• Monday, July 15, 2024
businessday logo


Forte Oil profit rises on other income, lower finance charges  

Forte Oil

Forte oil Nigeria Plc recorded a 30.11 percent rise in net profit, stoked by the contributions from other income and the company’s ability to reduce finance charges amid delay in subsidy payments and currency devaluation.

Analysts say the company’s stellar performance at the bottom line means its strategic risk management strategy is yielding fruit as strong earnings growth and lower gearing culminated in higher returns to shareholders.

Forte Oil reported net earnings of N5.79 billion, for the company’s 2015 full year which is higher than the N4.45 billion, it recorded in 2014.

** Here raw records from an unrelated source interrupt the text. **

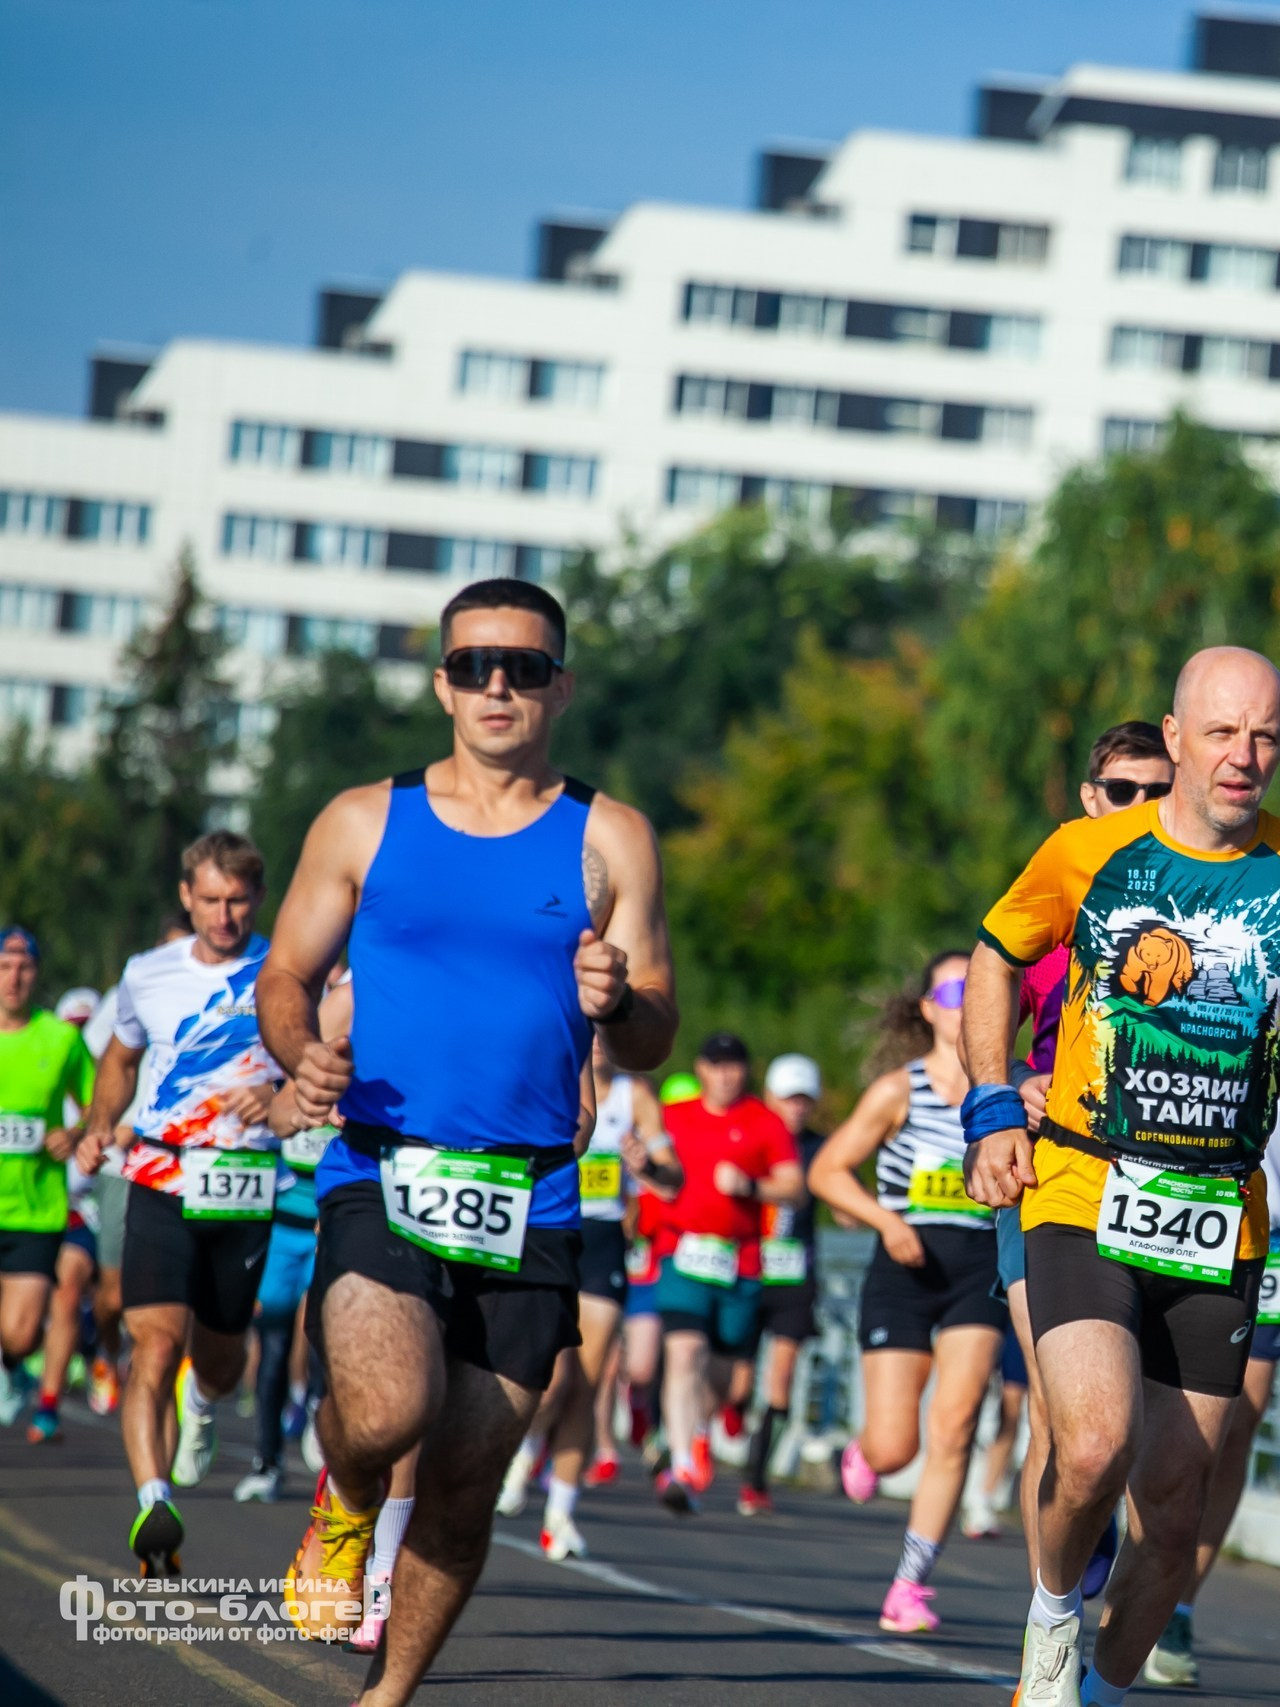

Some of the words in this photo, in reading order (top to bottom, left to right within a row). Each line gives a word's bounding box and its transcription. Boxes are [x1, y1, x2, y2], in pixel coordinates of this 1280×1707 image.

[1127, 869, 1156, 880] 18.10
[1127, 880, 1156, 891] 2025
[1180, 1023, 1237, 1040] КРАСНОЯРСК
[1124, 1067, 1250, 1103] ХОЗЯИН
[1136, 1097, 1238, 1129] ТАЙГИ
[1135, 1130, 1205, 1147] СОРЕВНОВАНИЯ
[1121, 1154, 1185, 1172] performance
[198, 1173, 263, 1199] 1371
[924, 1175, 965, 1199] 112
[394, 1184, 514, 1237] 1285
[1107, 1194, 1228, 1250] 1340
[1129, 1240, 1175, 1255] АГАФОНОВ
[1175, 1248, 1198, 1258] ОЛЕГ

The growth in profits can be attributed to an increase in other income by 65.67 percent to N4.05 billion as the company continues to make a leap forward in profit on sale of forfeited shares and gains from the disposal of investment property.

“This represents interest on dividend paid to a shareholder on shares not paid for, and accrued interest on proceed of the company’s shares forcefully collected by the shareholders,” said the company in its 2015 audited financial statements, posted on the website of the Nigeria Stock Exchange (NSE).

The recovery was based on the ruling of the Securities and Exchange Commission, according to the company.

Forte Oil also reduced the level of borrowing in its books as finance charges fell by 21.59 percent to N1.67 billion in 2014 as against N2.13 billion.

This culminated in lower gearing as debt to equity (D/E) ratio fell to 62 percent in 2015 as against 68 percent in 2015.

A low D/E ratio means a company is less susceptible to finance risk and there are no threats to its existence.

While Forte Oil’s bottom lines increased as a result of focus strategy and aggressive market penetration its sales took a hit from delayed subsidy payments.

Sales reduced by 26.25 percent to N124.61 billion in the period under review as against N170.12 billion as at December 2014.

The Nigerian downstream oil and gas player had said unpaid government debts and a devalued naira is causing stumbling blocks as revenue continues to falter.

“PMS is our major revenue driver whose supply was extremely inadequate in the first half of the year 2015 due to the delays in payment of outstanding subsidies by the government,” the company said in an email to BusinessDay.

“This resulted in inability to import products as the banks were unable to finance LCs for importation due to the huge exposure to subsidy.  We however maximized our margins from the products available and also concentrated on deregulated products, said the company.”

Further analysis of the financial statement of Forte Oil shows the company is efficient and profitable while recording  higher margins as net profit margin increased to 4.64 percent in 2015 as against 2.61 percent as at December 2014.

Additionally, cost of sales margins reduced to 85.26 percent in 2015 from 89.14 percent last year. Cost of sales reduced by 29.54 percent to N106.25 billion.

Forte Oil’s has effectively utilized shareholder’s assets in generating higher profit as return on equity (ROE) increased to 12.52 percent in 2015 from 10.56 percent as at December 2014.

Return on assets rose to 4.75 percent in 2015 compared with 3.20 percent as at December 2014.

The company’s share price closed at N289.17 on the floor of the exchange while market capitalization was N387.91 billion.